Dataset entries:
++++++++++++++++++++

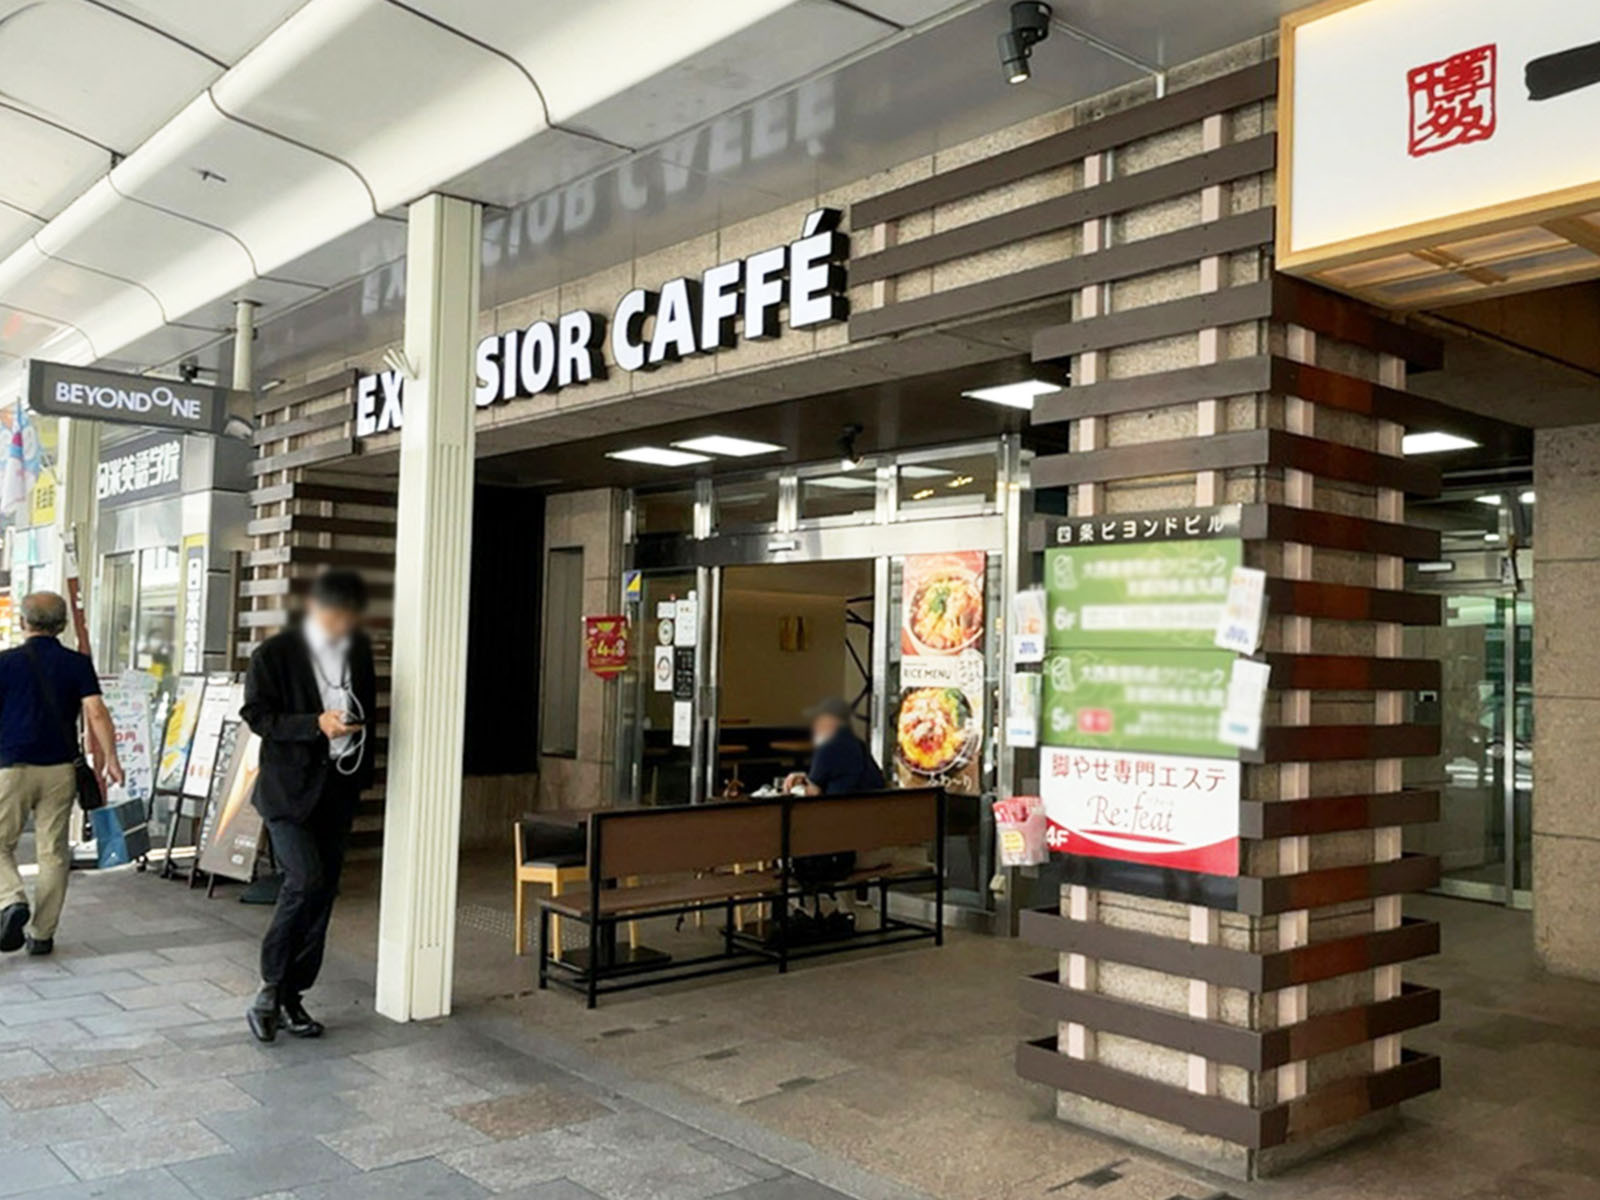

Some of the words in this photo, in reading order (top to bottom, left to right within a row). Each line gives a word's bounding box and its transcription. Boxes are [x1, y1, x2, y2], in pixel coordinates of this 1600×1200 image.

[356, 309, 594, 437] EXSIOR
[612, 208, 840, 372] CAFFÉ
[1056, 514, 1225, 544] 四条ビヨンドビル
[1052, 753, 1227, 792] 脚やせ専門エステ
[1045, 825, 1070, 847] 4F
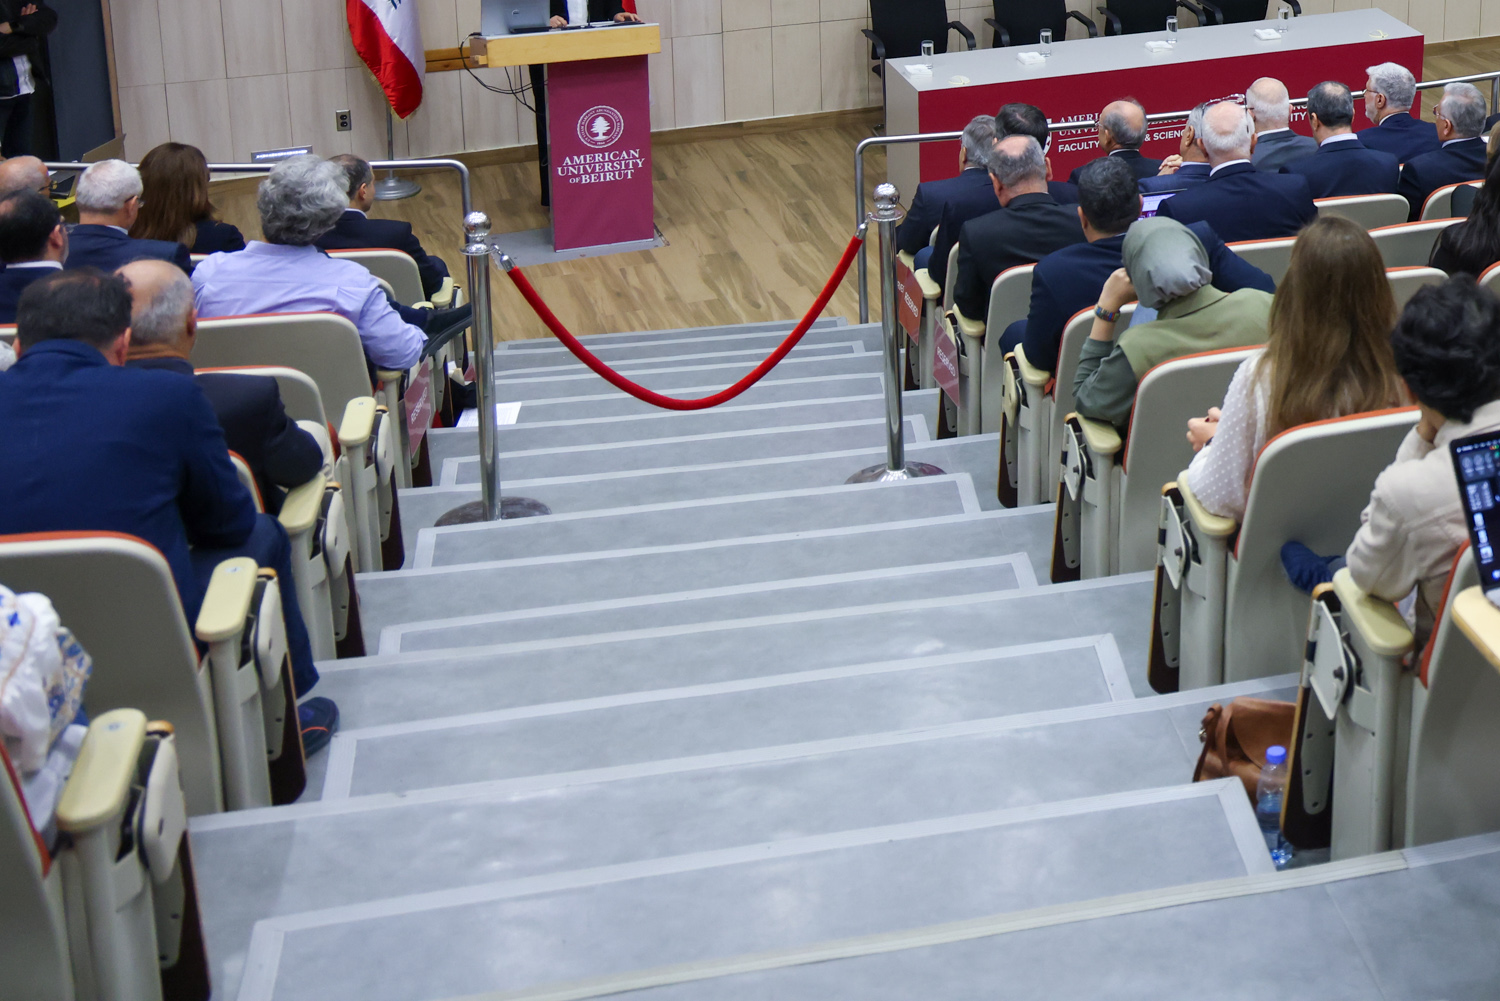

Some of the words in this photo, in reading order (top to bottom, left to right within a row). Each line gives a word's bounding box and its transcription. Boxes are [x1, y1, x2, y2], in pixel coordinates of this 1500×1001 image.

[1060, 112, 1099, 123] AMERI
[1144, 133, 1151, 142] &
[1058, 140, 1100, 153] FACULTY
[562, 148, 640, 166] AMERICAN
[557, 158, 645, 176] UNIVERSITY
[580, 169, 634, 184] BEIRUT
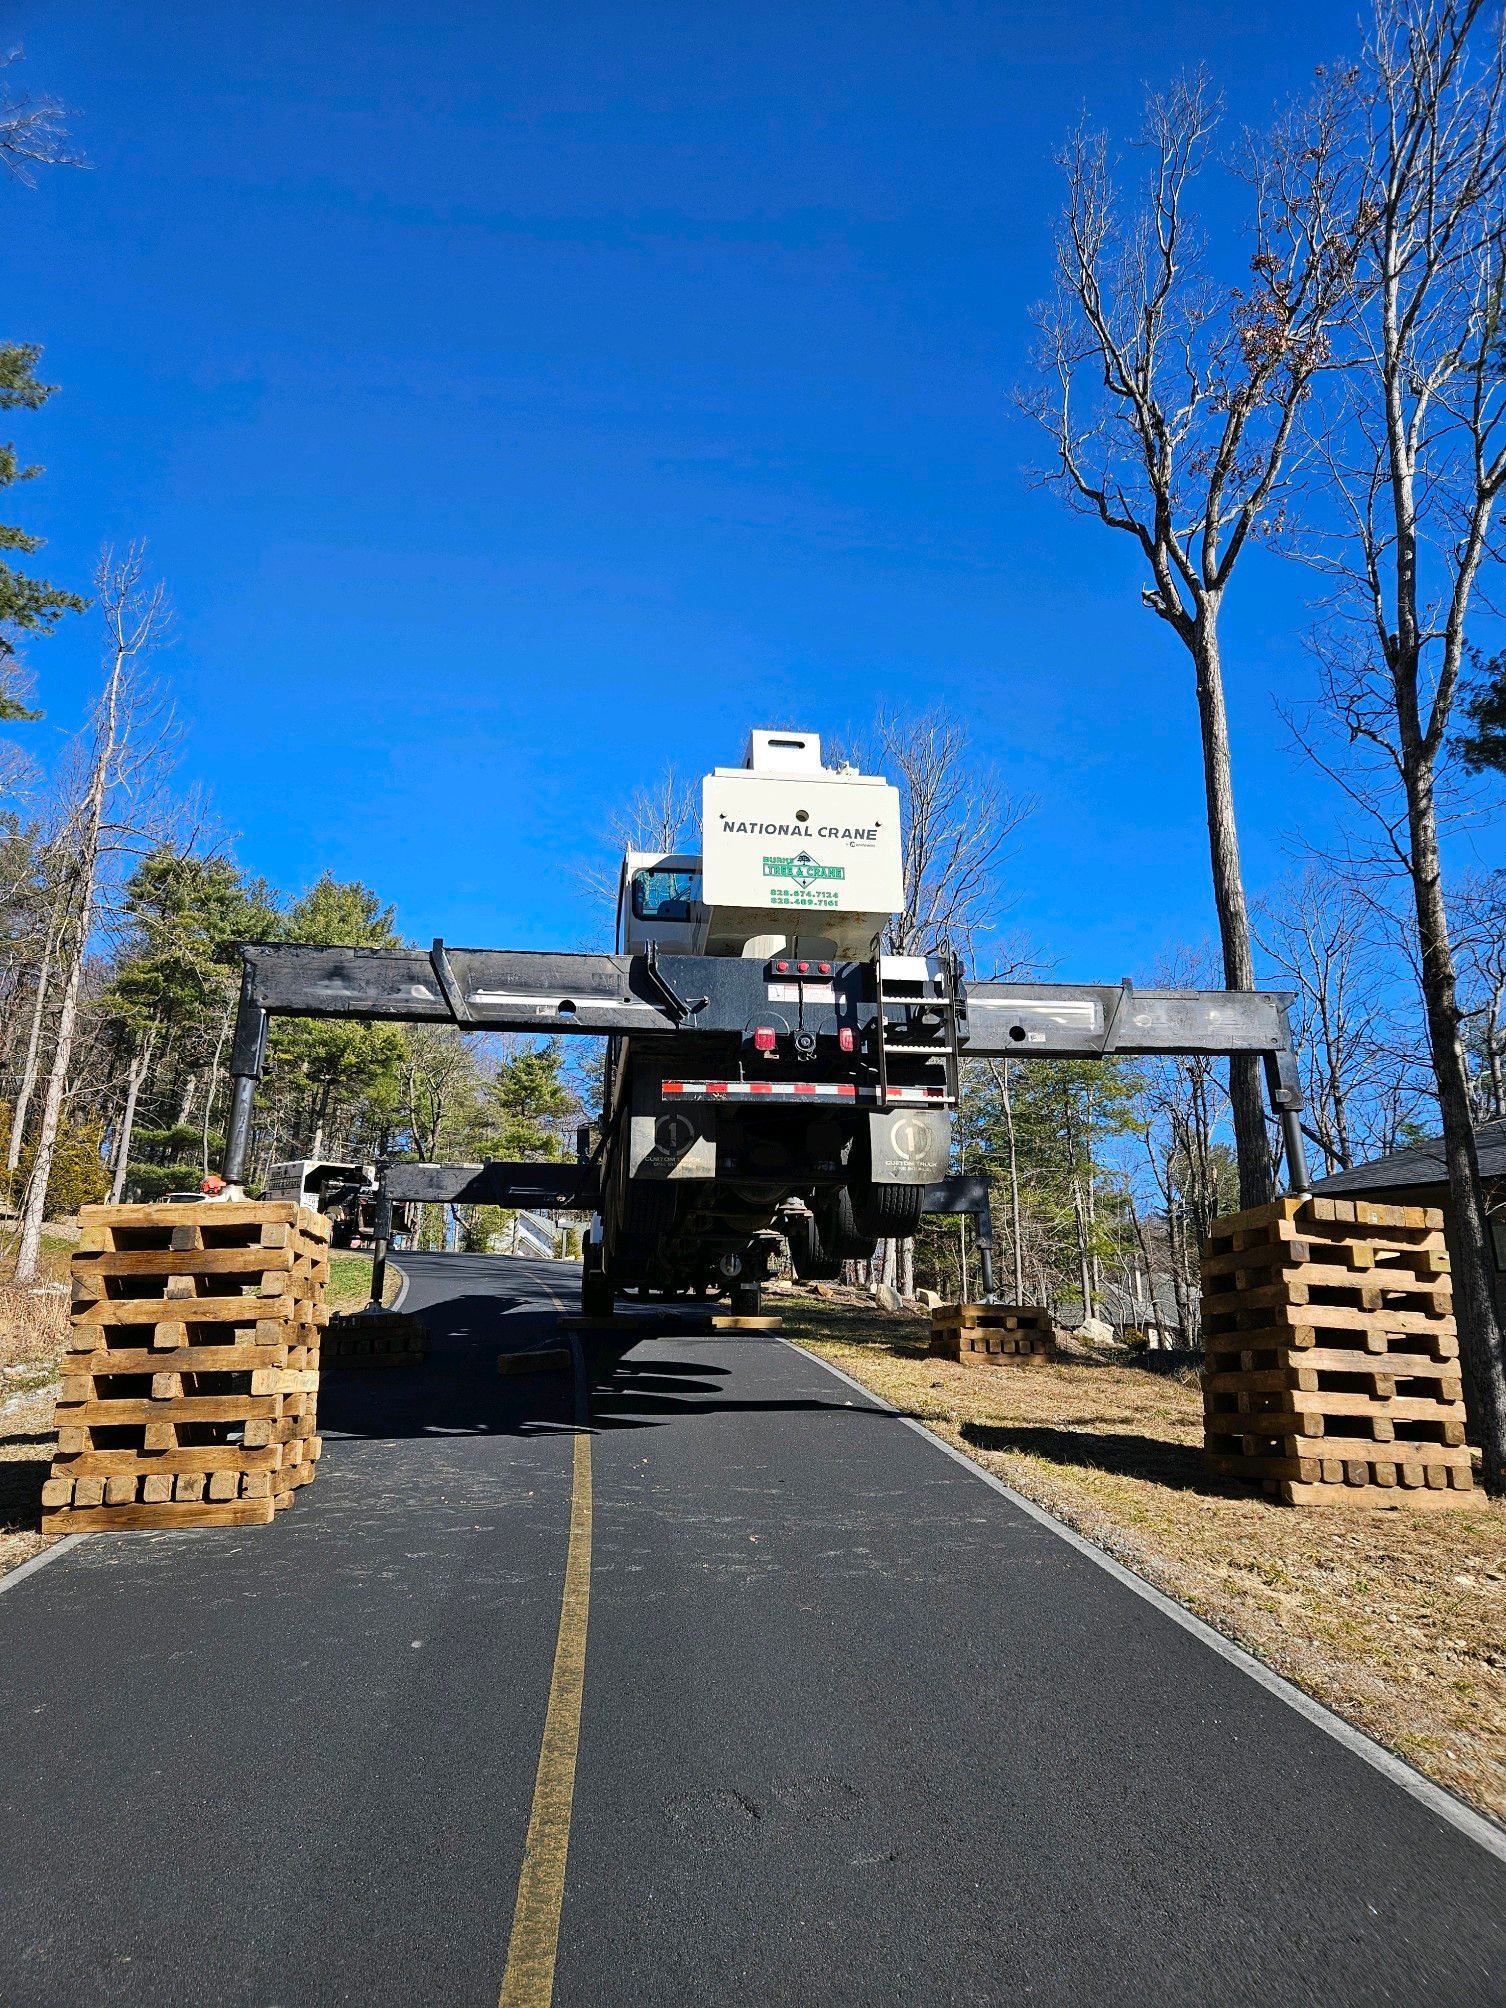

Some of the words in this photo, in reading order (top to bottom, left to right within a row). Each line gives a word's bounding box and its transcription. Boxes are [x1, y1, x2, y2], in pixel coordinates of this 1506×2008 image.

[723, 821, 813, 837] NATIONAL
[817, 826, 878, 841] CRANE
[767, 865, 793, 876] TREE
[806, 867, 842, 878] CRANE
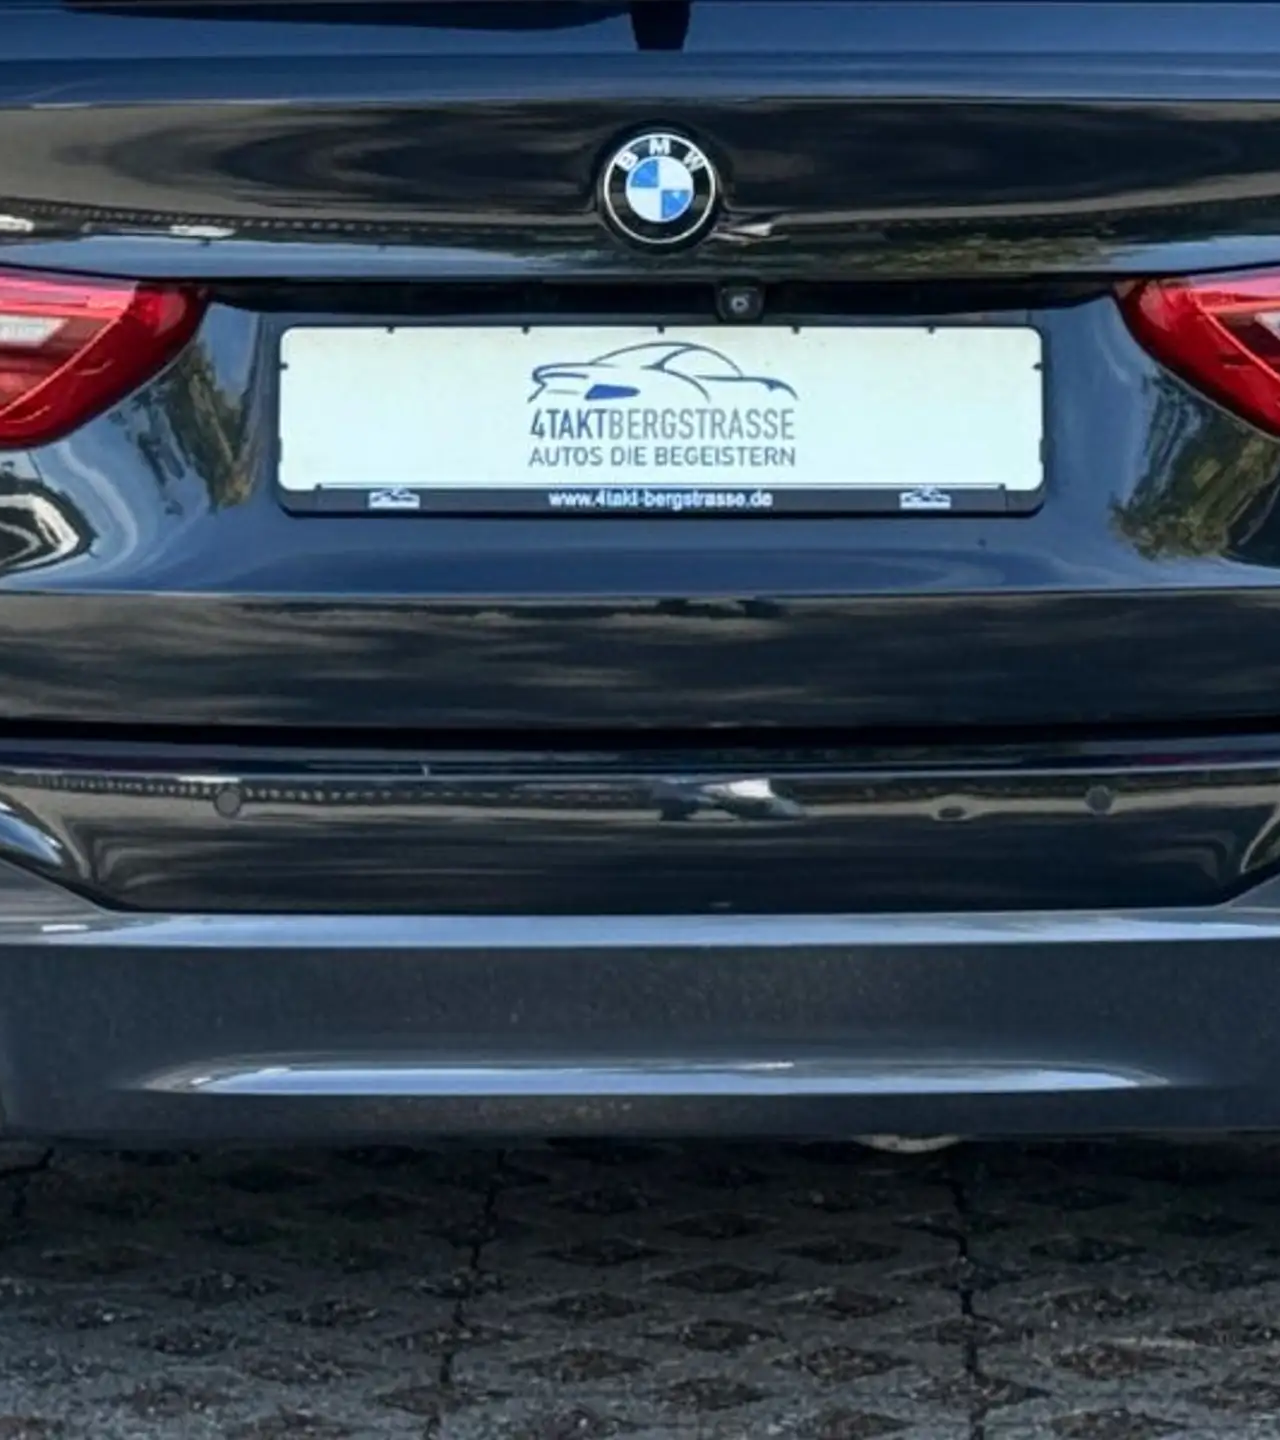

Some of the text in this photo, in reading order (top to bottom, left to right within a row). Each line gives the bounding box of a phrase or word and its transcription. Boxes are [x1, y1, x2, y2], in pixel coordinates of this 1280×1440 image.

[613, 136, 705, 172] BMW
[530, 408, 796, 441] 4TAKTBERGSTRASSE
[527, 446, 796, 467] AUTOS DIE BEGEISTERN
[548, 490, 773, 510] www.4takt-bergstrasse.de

++++++++++++++++++++

◆ The task: Only the pictures are to be omitted; the records above must otherwise be reproduced exactly.

◆ Expected answer:
Some of the words in this photo, in reading order (top to bottom, left to right within a row). Each line gives a word's bounding box and its transcription. Boxes are [x1, y1, x2, y2], in pixel coordinates of this 1600×1200 image.

[356, 309, 594, 437] EXSIOR
[612, 208, 840, 372] CAFFÉ
[1056, 514, 1225, 544] 四条ビヨンドビル
[1052, 753, 1227, 792] 脚やせ専門エステ
[1045, 825, 1070, 847] 4F

Some of the words in this photo, in reading order (top to bottom, left to right within a row). Each line gives a word's bounding box and its transcription. Boxes are [x1, y1, x2, y2], in pixel coordinates of this 1500×1001 image.

[1060, 112, 1099, 123] AMERI
[1144, 133, 1151, 142] &
[1058, 140, 1100, 153] FACULTY
[562, 148, 640, 166] AMERICAN
[557, 158, 645, 176] UNIVERSITY
[580, 169, 634, 184] BEIRUT

Some of the words in this photo, in reading order (top to bottom, left to right within a row). Each line gives a word's bounding box and its transcription. Boxes are [x1, y1, x2, y2], in pixel coordinates of this 1506×2008 image.

[723, 821, 813, 837] NATIONAL
[817, 826, 878, 841] CRANE
[767, 865, 793, 876] TREE
[806, 867, 842, 878] CRANE

Some of the text in this photo, in reading order (top to bottom, left to right within a row). Each line gives the bounding box of a phrase or word and its transcription. Boxes are [x1, y1, x2, y2], in pixel coordinates of this 1280×1440 image.

[613, 136, 705, 172] BMW
[530, 408, 796, 441] 4TAKTBERGSTRASSE
[527, 446, 796, 467] AUTOS DIE BEGEISTERN
[548, 490, 773, 510] www.4takt-bergstrasse.de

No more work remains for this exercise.